About this task —
Print out all of the data below, keeping it identical to the original.

===== Exercise data

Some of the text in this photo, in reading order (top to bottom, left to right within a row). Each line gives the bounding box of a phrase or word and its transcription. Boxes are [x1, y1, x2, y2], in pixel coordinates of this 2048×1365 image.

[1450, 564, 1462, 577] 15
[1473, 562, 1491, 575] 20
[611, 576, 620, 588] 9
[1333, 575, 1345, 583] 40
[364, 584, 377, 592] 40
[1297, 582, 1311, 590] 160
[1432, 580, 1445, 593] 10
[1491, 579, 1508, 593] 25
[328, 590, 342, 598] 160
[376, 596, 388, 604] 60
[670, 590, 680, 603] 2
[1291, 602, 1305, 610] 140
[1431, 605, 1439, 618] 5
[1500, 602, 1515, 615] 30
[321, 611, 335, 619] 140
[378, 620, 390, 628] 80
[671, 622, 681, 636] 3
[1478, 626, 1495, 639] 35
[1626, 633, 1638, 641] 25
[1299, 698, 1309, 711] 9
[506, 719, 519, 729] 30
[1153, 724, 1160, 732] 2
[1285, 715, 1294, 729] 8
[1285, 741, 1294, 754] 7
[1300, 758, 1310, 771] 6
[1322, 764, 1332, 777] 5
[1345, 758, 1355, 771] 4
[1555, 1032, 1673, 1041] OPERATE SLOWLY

==========

Response to this exercise —
Some of the text in this photo, in reading order (top to bottom, left to right within a row). Each line gives the bounding box of a phrase or word and its transcription. Boxes are [x1, y1, x2, y2], in pixel coordinates of this 2048×1365 image.

[1450, 564, 1462, 577] 15
[1473, 562, 1491, 575] 20
[611, 576, 620, 588] 9
[1333, 575, 1345, 583] 40
[364, 584, 377, 592] 40
[1297, 582, 1311, 590] 160
[1432, 580, 1445, 593] 10
[1491, 579, 1508, 593] 25
[328, 590, 342, 598] 160
[376, 596, 388, 604] 60
[670, 590, 680, 603] 2
[1291, 602, 1305, 610] 140
[1431, 605, 1439, 618] 5
[1500, 602, 1515, 615] 30
[321, 611, 335, 619] 140
[378, 620, 390, 628] 80
[671, 622, 681, 636] 3
[1478, 626, 1495, 639] 35
[1626, 633, 1638, 641] 25
[1299, 698, 1309, 711] 9
[506, 719, 519, 729] 30
[1153, 724, 1160, 732] 2
[1285, 715, 1294, 729] 8
[1285, 741, 1294, 754] 7
[1300, 758, 1310, 771] 6
[1322, 764, 1332, 777] 5
[1345, 758, 1355, 771] 4
[1555, 1032, 1673, 1041] OPERATE SLOWLY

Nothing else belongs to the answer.